Exercise requirements> Return only these lines, exactly: the one containing "Some of the text" and every line after it in the listing.

Provided data>
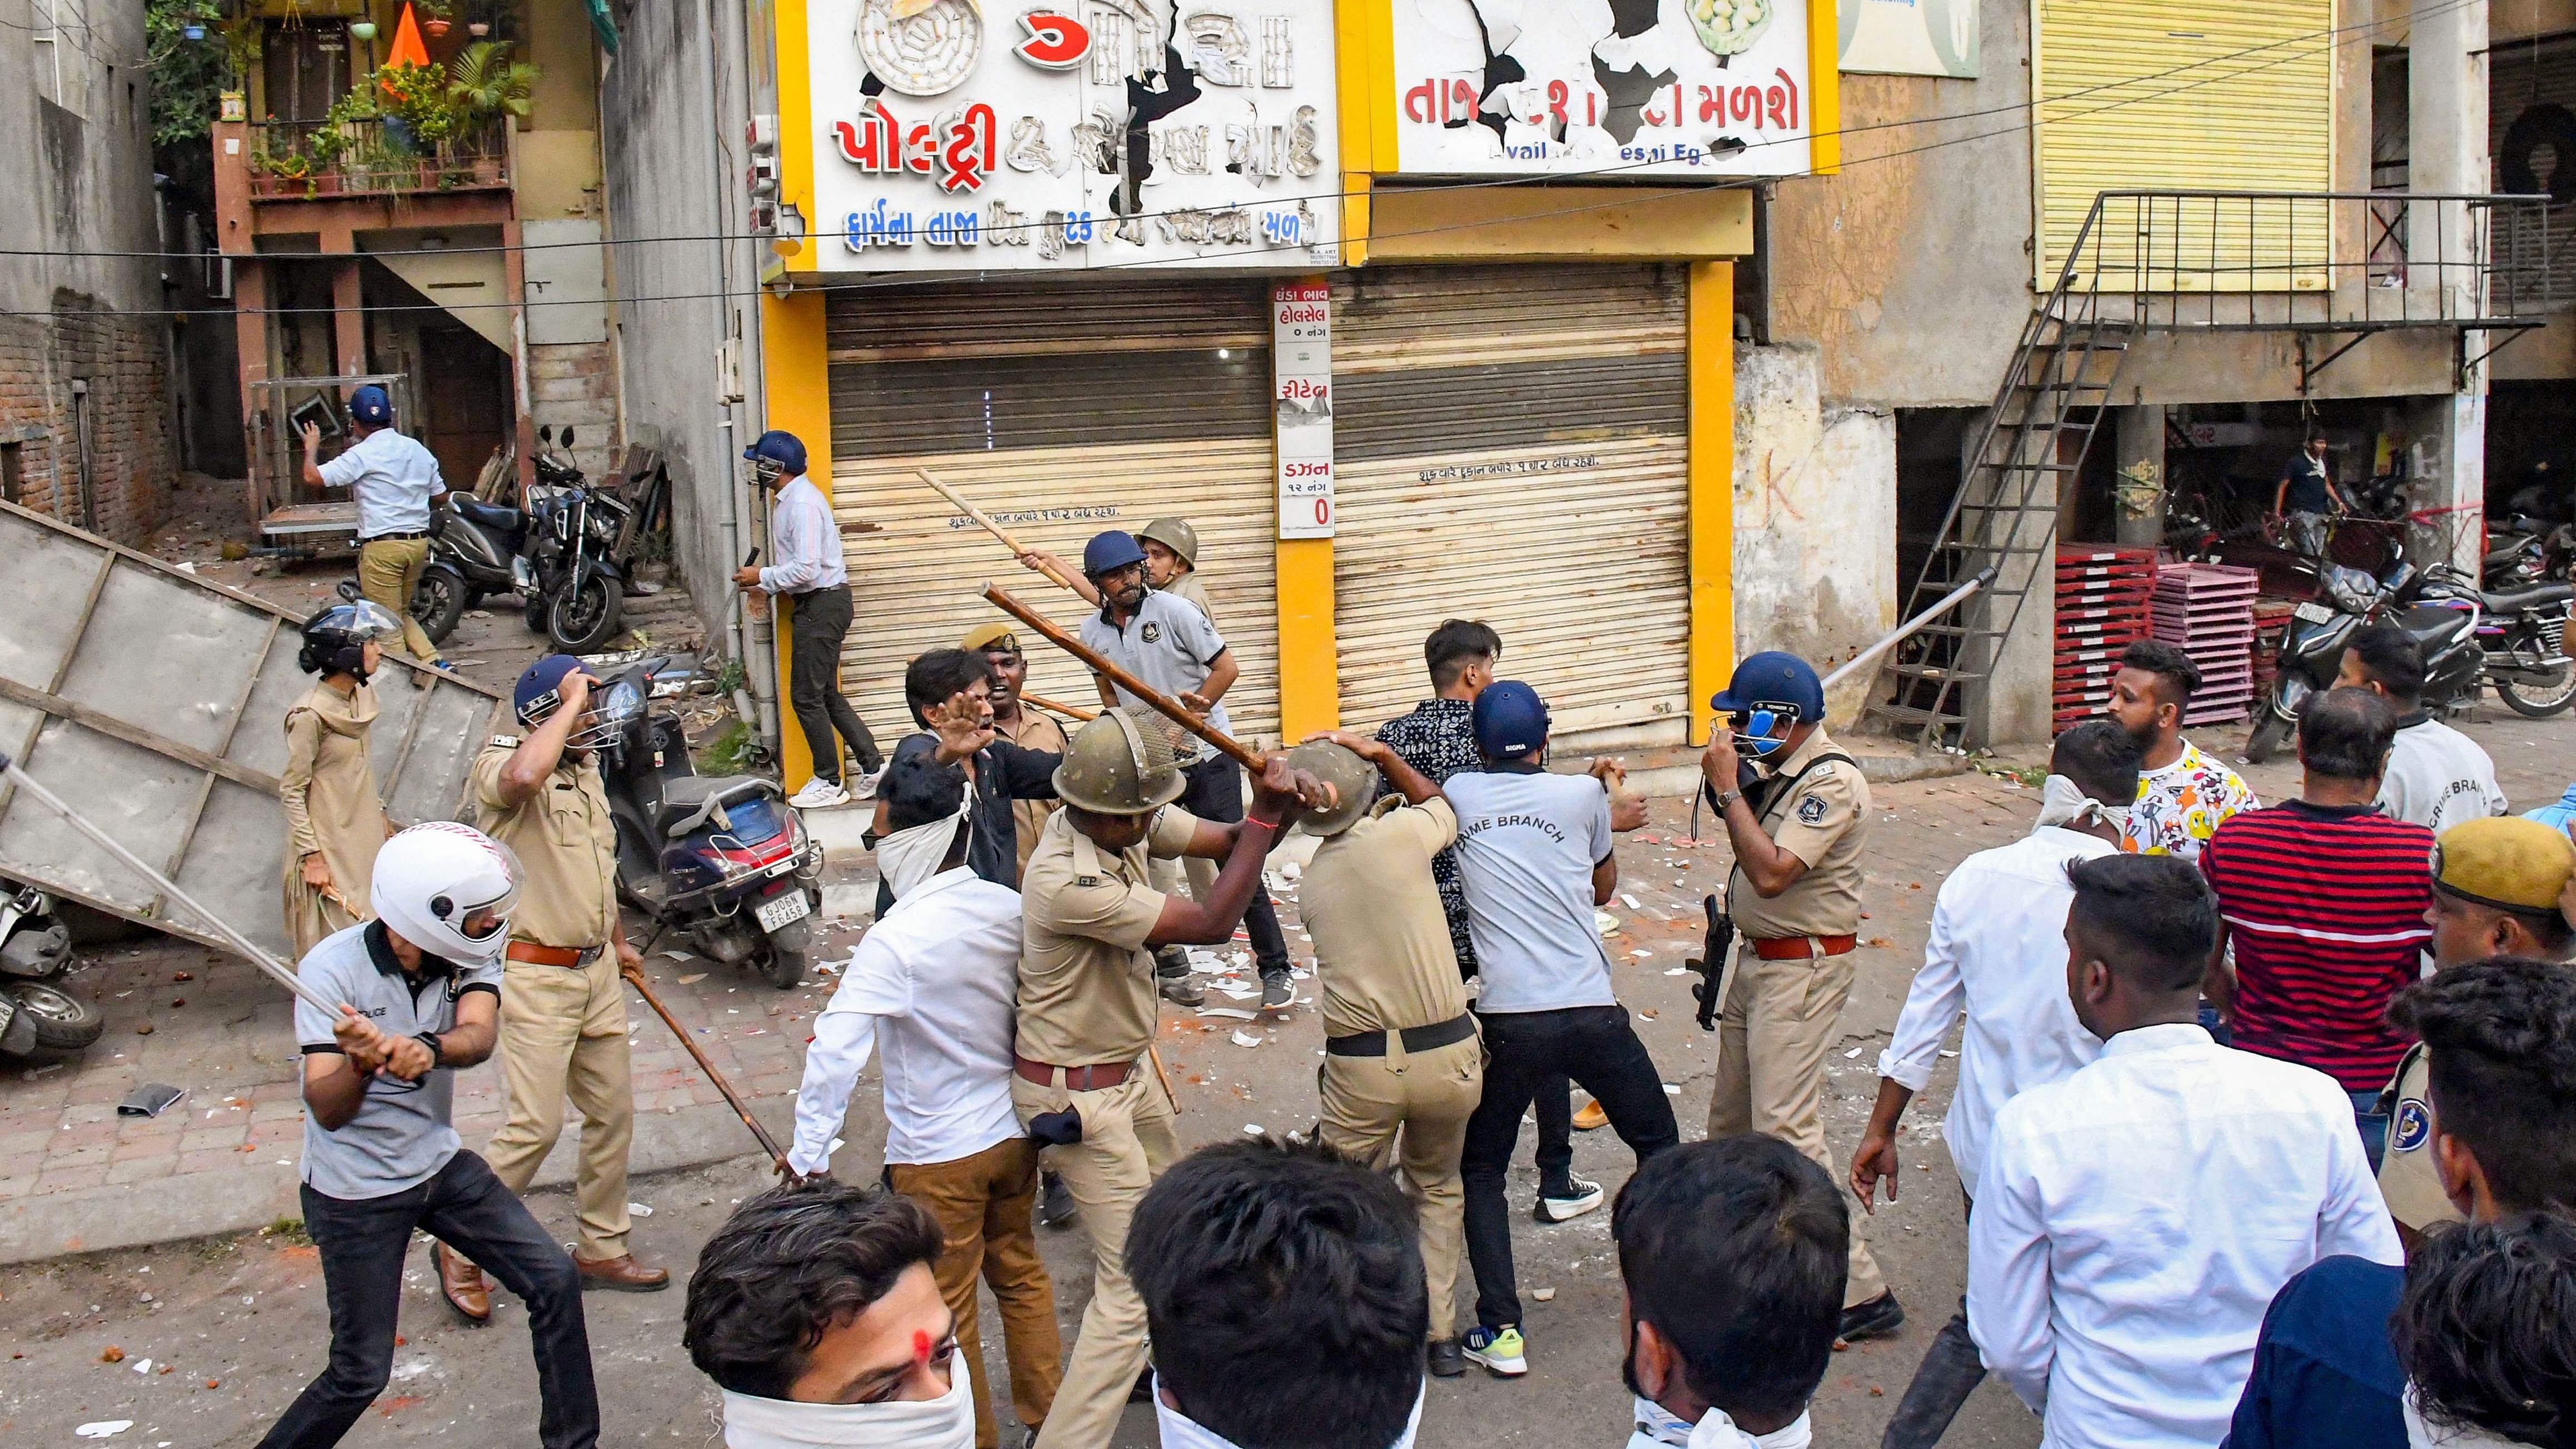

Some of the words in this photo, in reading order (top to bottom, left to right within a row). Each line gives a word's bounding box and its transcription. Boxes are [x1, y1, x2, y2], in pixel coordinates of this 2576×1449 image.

[1699, 67, 1798, 129] મળશે
[1302, 290, 1328, 301] ભાવ
[1280, 304, 1325, 324] હોલસેલ
[1307, 326, 1326, 337] નંગ
[1285, 462, 1329, 477] ડઝન
[1307, 480, 1326, 491] નંગ
[1505, 743, 1526, 751] SIGMA
[1497, 815, 1565, 844] BRANCH
[766, 894, 798, 917] GJ06N
[770, 905, 803, 928] F6458
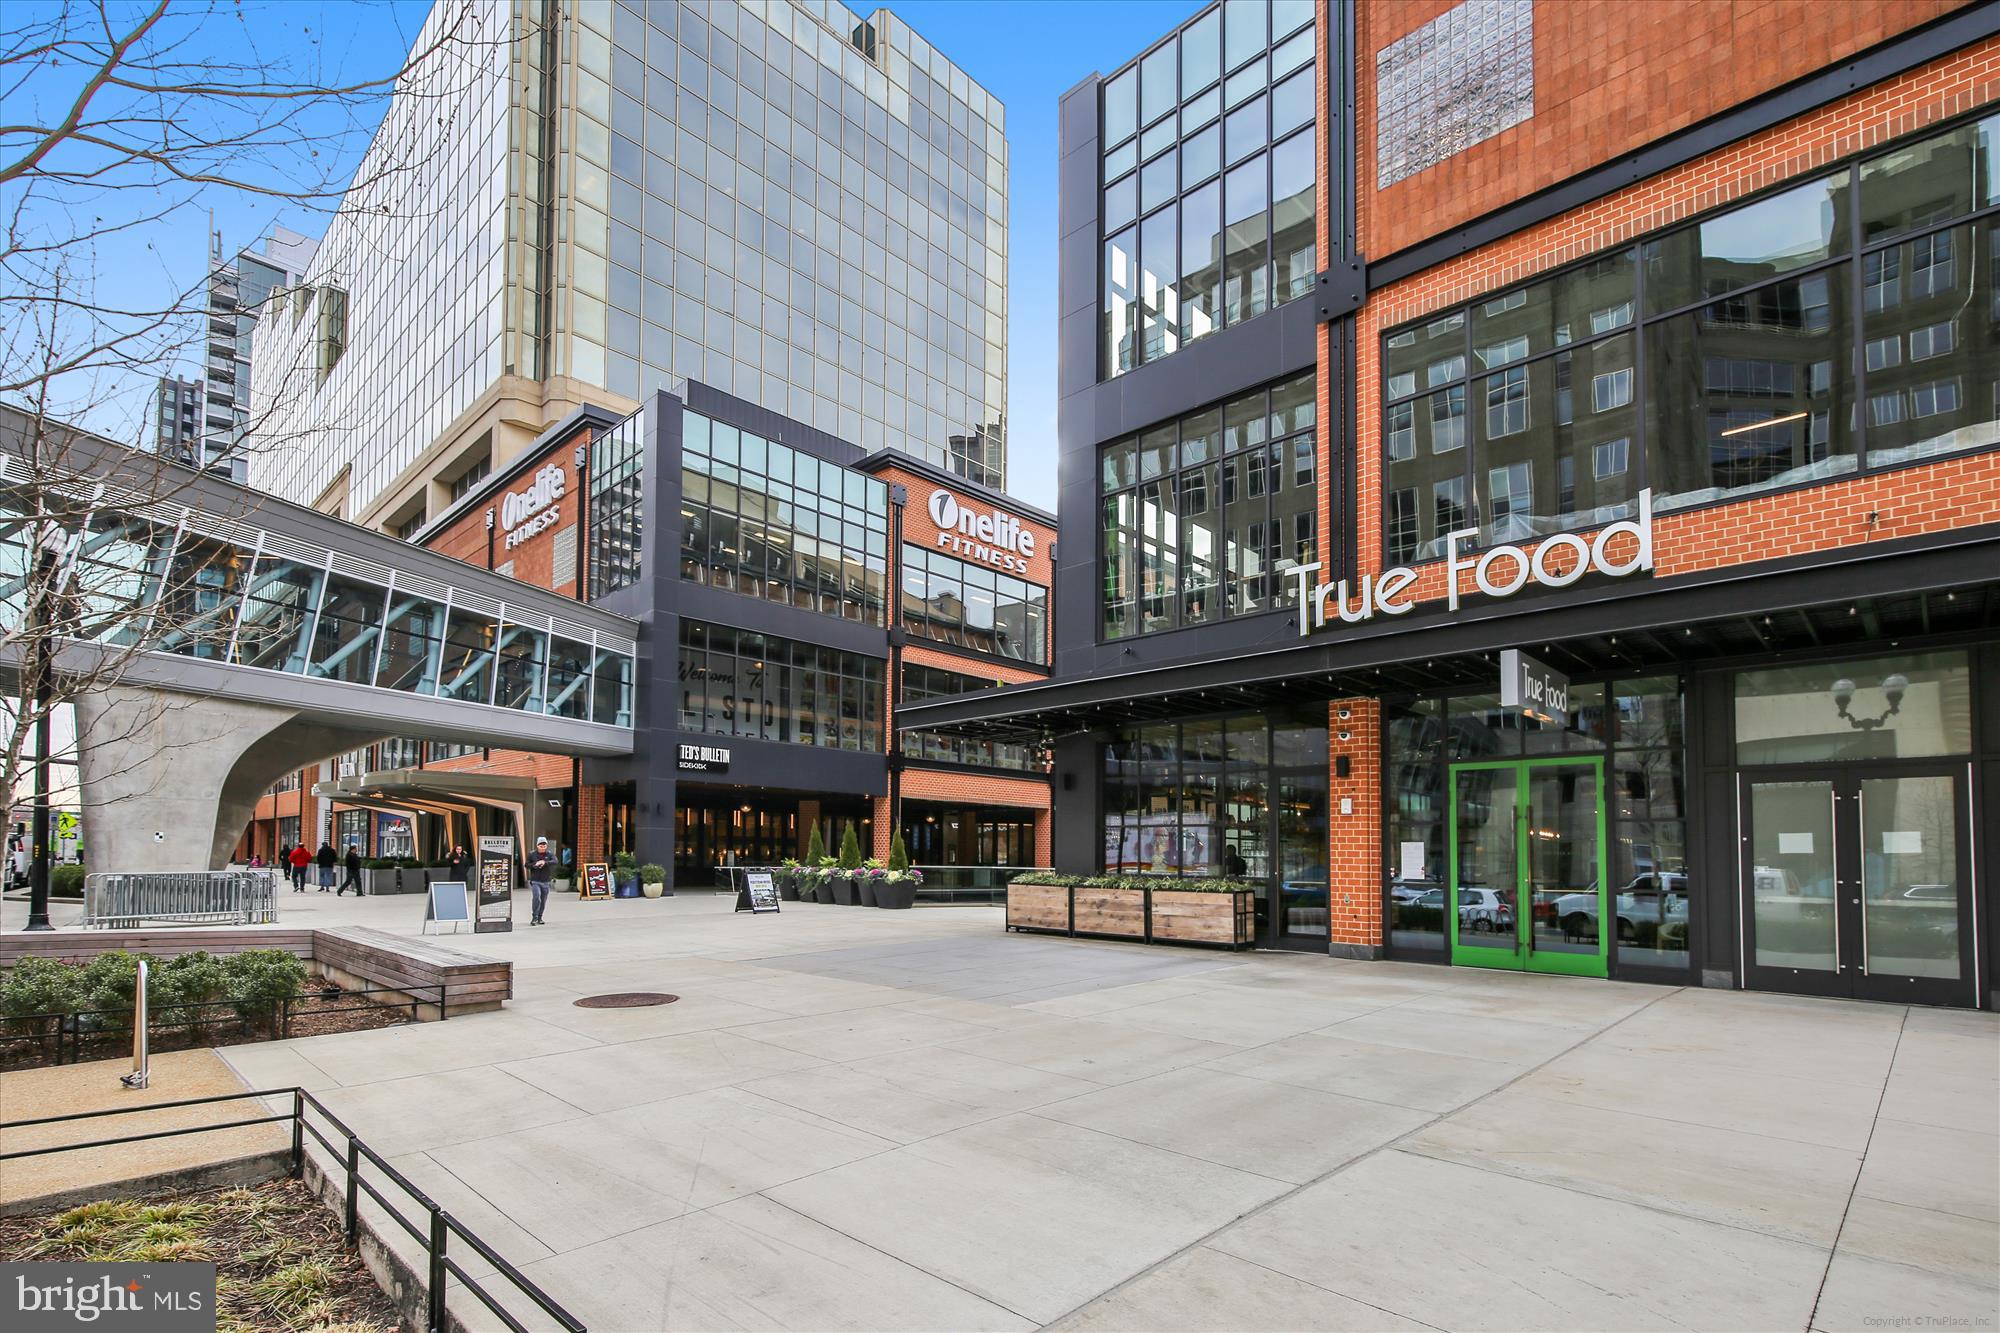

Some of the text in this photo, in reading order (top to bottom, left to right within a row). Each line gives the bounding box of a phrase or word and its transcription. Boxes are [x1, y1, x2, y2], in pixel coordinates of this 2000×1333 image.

[502, 463, 565, 531] Onelife
[505, 504, 560, 550] FITNESS
[928, 489, 1034, 557] Onelife
[937, 531, 1027, 574] FITNESS
[1284, 487, 1654, 636] True Food
[1522, 662, 1567, 712] True Food
[680, 744, 730, 763] TED'S BULLETIN

Expected answer>
Some of the text in this photo, in reading order (top to bottom, left to right within a row). Each line gives the bounding box of a phrase or word and its transcription. Boxes are [x1, y1, x2, y2], in pixel coordinates of this 2000×1333 image.

[502, 463, 565, 531] Onelife
[505, 504, 560, 550] FITNESS
[928, 489, 1034, 557] Onelife
[937, 531, 1027, 574] FITNESS
[1284, 487, 1654, 636] True Food
[1522, 662, 1567, 712] True Food
[680, 744, 730, 763] TED'S BULLETIN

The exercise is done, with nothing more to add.